Selain sebagai landasan untuk menguji fakta-fakta, berita acara juga
menjadi landasan pemeriksaan saksi. Seperti yang ditegaskan Pasal 152 HIR,
pemeriksaan dan keterangan saksi ditulis dalam berita acara. Dengan
demikian, berita acara merupakan landasan pemeriksaan untuk menentukan
keabsahan syarat formil dan syarat materil keterangn saksi maupun untuk
menentukan nilai kekuatan pembuktiannya.
Oleh sebab itu, ketika kita melihat kepada putusan Pengadilan Tinggi
Agama Semarang yang telah menjatuhkan putusan dengan No:
204/Pdt.G/2000/PTA.Smg, Pengadilan Tinggi Agama Semarang tidak melihat
dan mempelajari atau memeriksa berita acara dari pengadilan agama. Dalam
berita acara yang diberikan pengadilan agama disitu menyebutkan bahwa
pemohon atau sekarang pembanding tidak sanggup untuk menghadirkan saksi
untuk menguatkan gugatan-gugatannya dalam persidangan.
Hakim dalam tingkat banding haruslah memeriksa berita acara yang
diterimanya, terutama dalam hal saksi. Apakah saksi dalam persidangan telah
memenuhi syarat formil dan syarat materil. Syarat formil yang harus
diperiksa:
• bukan orang yang dilarang sebagai saksi berdasarkan Pasal 145 HIR,
• bukan orang yang berhak mengundurkan diri sesuai Pasal 146 HIR,
• saksi dipanggil dan diperiksa satu per satu berdasar Pasal 144 ayat 1,
• saksi disumpah menurut agamanya masing-masing sesuai Pasal 147 HIR.
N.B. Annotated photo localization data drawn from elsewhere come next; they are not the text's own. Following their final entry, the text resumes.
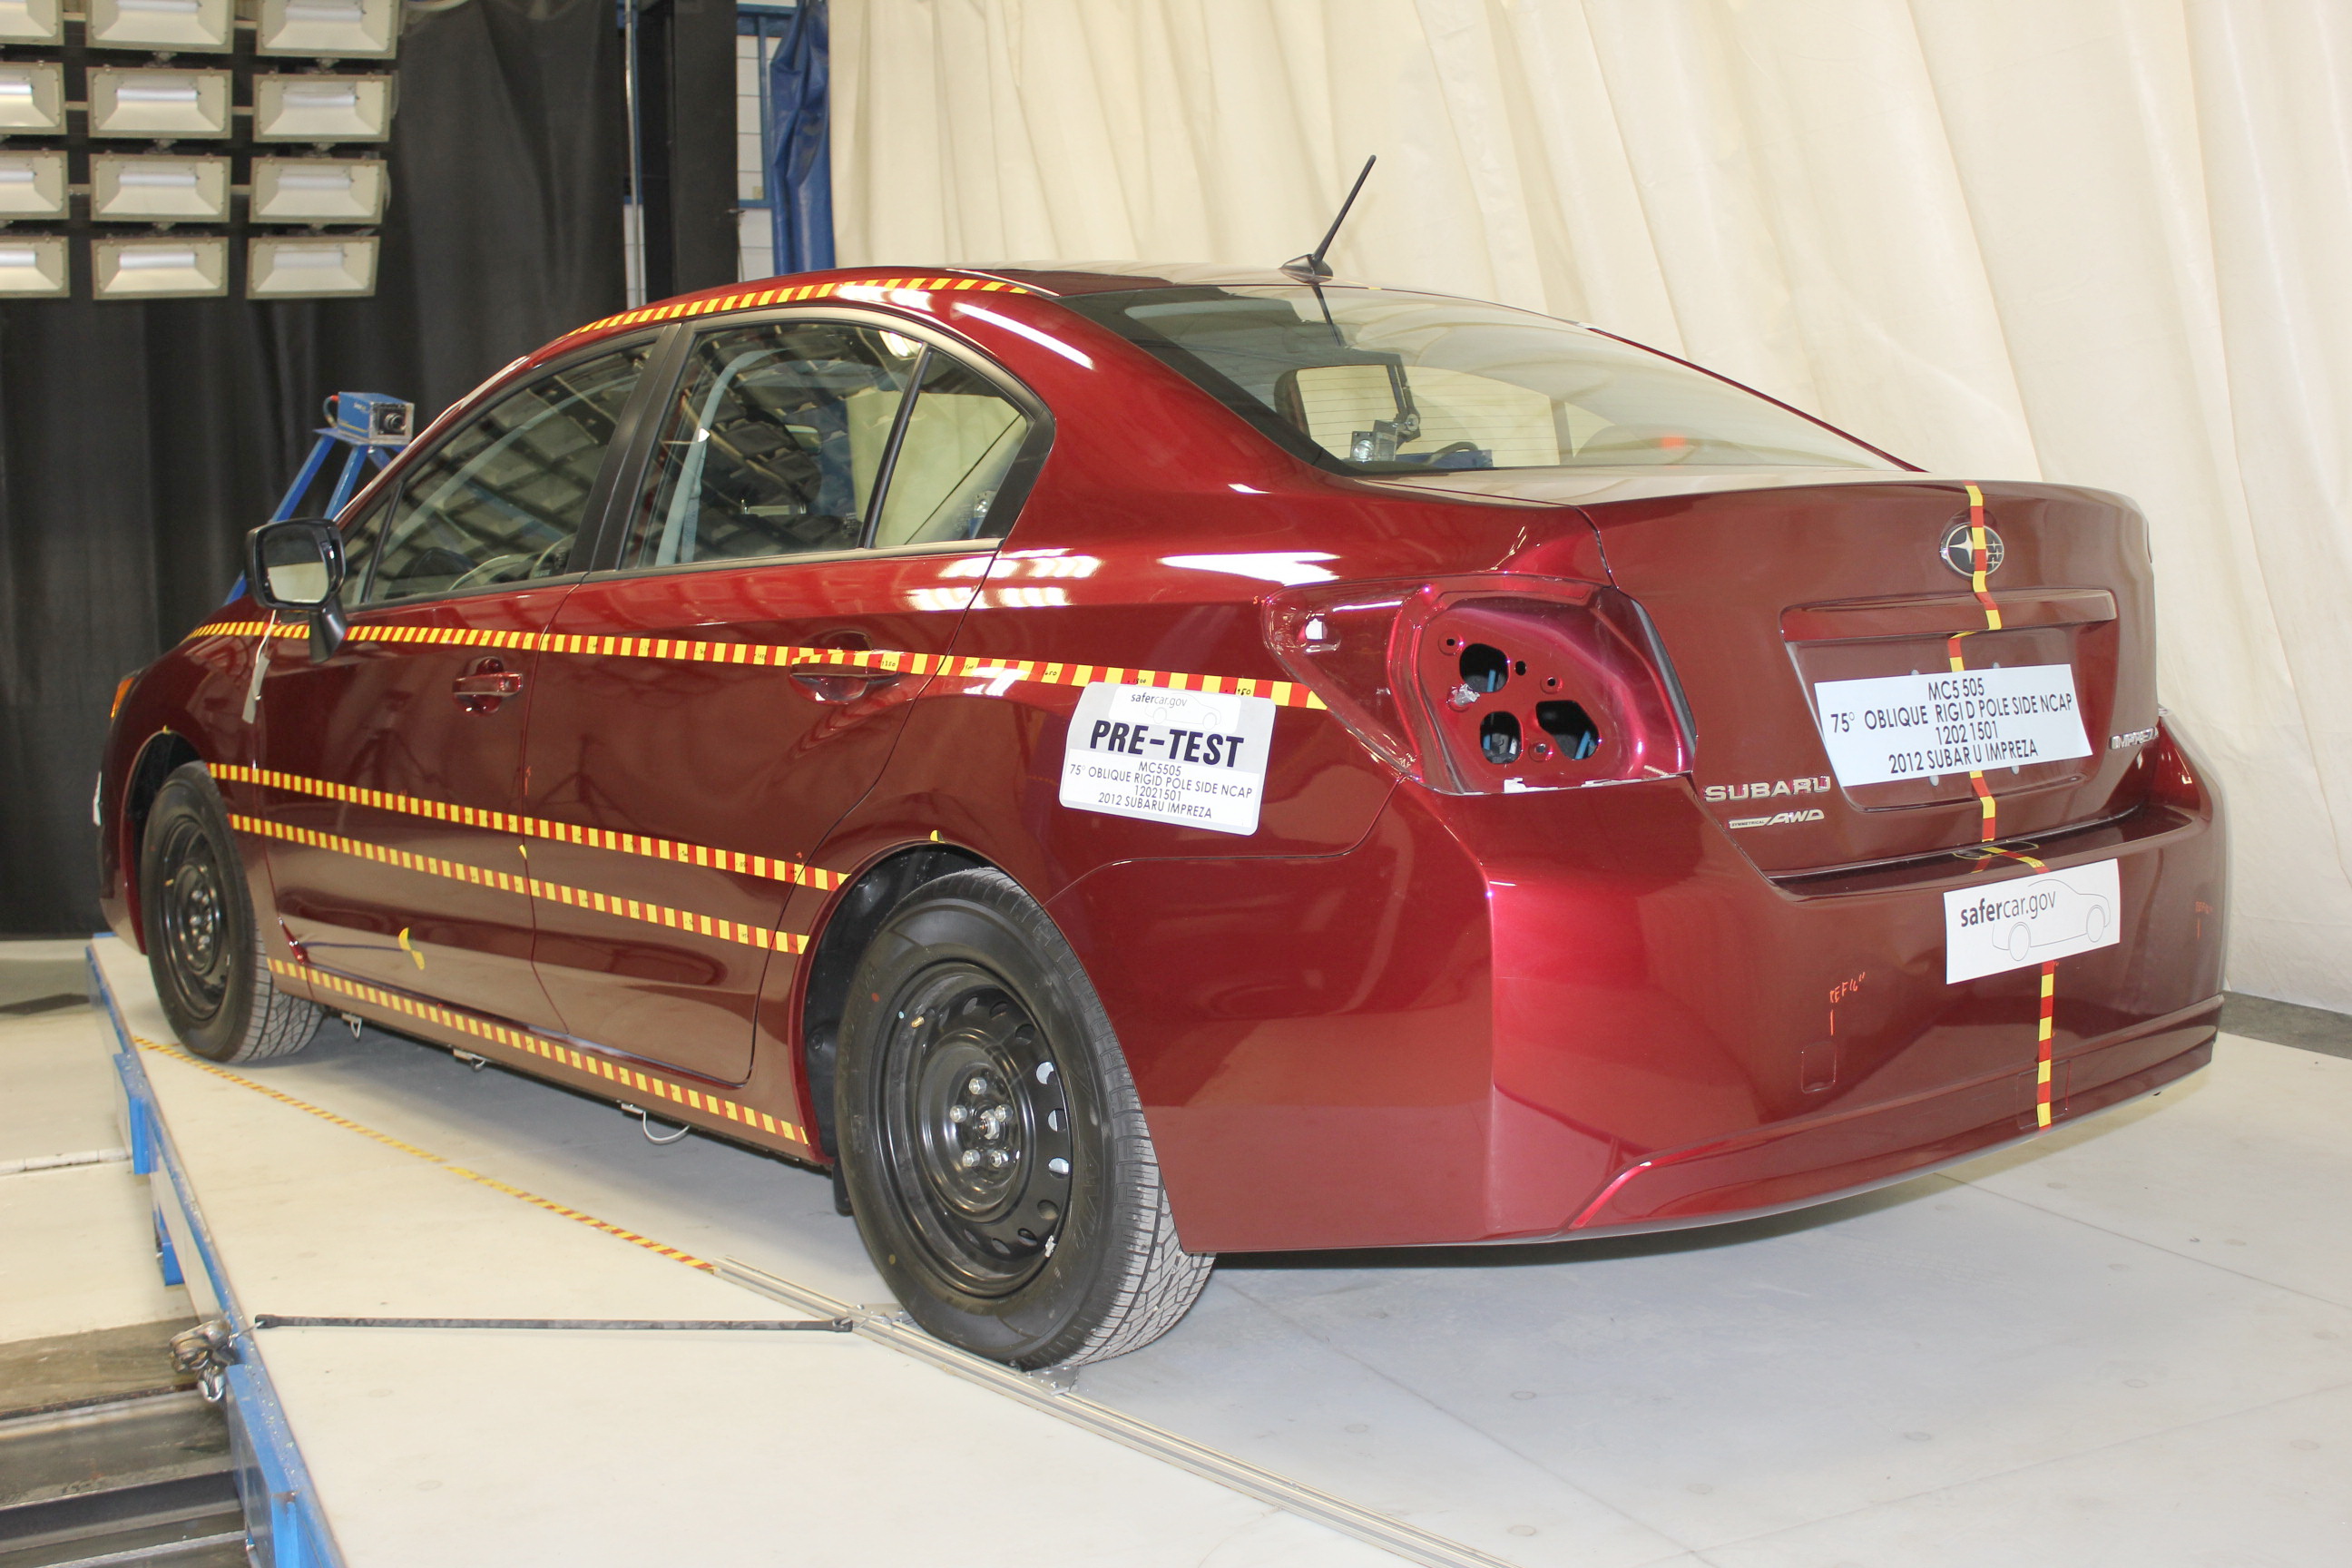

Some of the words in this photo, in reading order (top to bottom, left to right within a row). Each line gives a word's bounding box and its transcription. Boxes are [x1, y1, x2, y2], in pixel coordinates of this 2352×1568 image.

[1131, 691, 1187, 709] safercar.gov
[1864, 705, 1928, 730] OBLIQUE
[1979, 697, 2010, 719] POLE
[2013, 695, 2039, 715] SIDE
[2041, 692, 2073, 712] NCAP
[1090, 720, 1244, 768] PRE-TEST
[1888, 752, 1924, 774] 2012
[1985, 739, 2039, 762] IMPREZA
[1138, 760, 1181, 777] MC5505
[1088, 767, 1131, 783] OBLIQUE
[1133, 772, 1162, 788] RIGID
[1165, 777, 1192, 791] POLE
[1194, 780, 1218, 795] SIDE
[1220, 784, 1253, 799] NCAP
[1134, 784, 1181, 802] 12021501
[1705, 776, 1831, 802] SUBARU
[1098, 791, 1122, 806] 2012
[1124, 796, 1164, 812] SUBARU
[1167, 800, 1212, 818] IMPREZA
[1767, 809, 1825, 826] AWD
[1960, 891, 2056, 927] safercar.gov
Itulah beberapa syarat formil saksi yang harus diperiksa hakim dalam
tingkat banding dari berita acara. Kewajiban ini mesti dilaksanakan, meskipun
pemohon tidak mengemukakan adanya cacat formil saksi dalam memori
banding.2 Adapun syarat materil yang harus diperiksa adalah:
• asas unus testis nullus testis yang ditentukan Pasal 171 ayat 2 HIR,
• keterangan yang diberikan bukan testimonium de auditu, tetapi
berdasarkan pengalaman, penglihatan dan pendengaran sendiri sesuai
dengan Pasal 171 ayat 1 HIR,
• keterangan yang diberikan bukan pendapat (opini) atau perkiraan
berdasarkan pikiran saksi sesuai Pasal 1907 ayat 2 KUH Perdata,
• saling persesuaianantara keterangn saksi yang satu dengan yang lainnya
sesuai Pasal 172 HIR.
2 Ibid, hal. 127.
Syarat-syarat formil dan materil tersebut diperiksa hakim tingkat
banding sesuai dengan prinsip:
• semua syarat dimaksud bersifat komulatif bukan alternatif,
• oleh karena itu, satu saja dari syarat formil maupun materil tidak
terpenuhi, keterangan saksi itu tidak sah sebagai alat bukti,
• oleh karena itu, keterangan itu tidak memiliki nilai kekuatan pembuktian.3
B. Analisis Terhadap Dasar Hukum Putusan Pengadilan Tinggi Agama
Semarang No: 204/Pdt.G/2000/PTA.Smg Tentang Kedudukan Saksi
Dalam Cerai Talak
1. Hukum materil
Pada bab sebelumnya penulis telah kemukakan tentang putusan
kedudukan saksi dalam cerai talak. Pada putusan Pengadilan Agama Pemalang
No: 640/Pdt.G/2000/PA.Pml. yang pada intinya berisi tentang ditolaknya
gugatan Penggugat tentang perceraian yang tanpa adanya saksi dan pada
putusan tingkat Banding di Pengadilan Tinggi Agama Semarang No:
204/Pdt.G/2000/PTA.Smg. telah memeriksa dan memutuskan:
1. Menyatakan bahwa permohonan Banding Pemohon/Pembanding dapat
diterima
2. Membatalkan Putusan Pengadilan Agama Pemalang No:
640/Pdt.G/2000/PA.Pml
3. Membebankan kepada Pemohon untuk membayar biaya perkara Rp.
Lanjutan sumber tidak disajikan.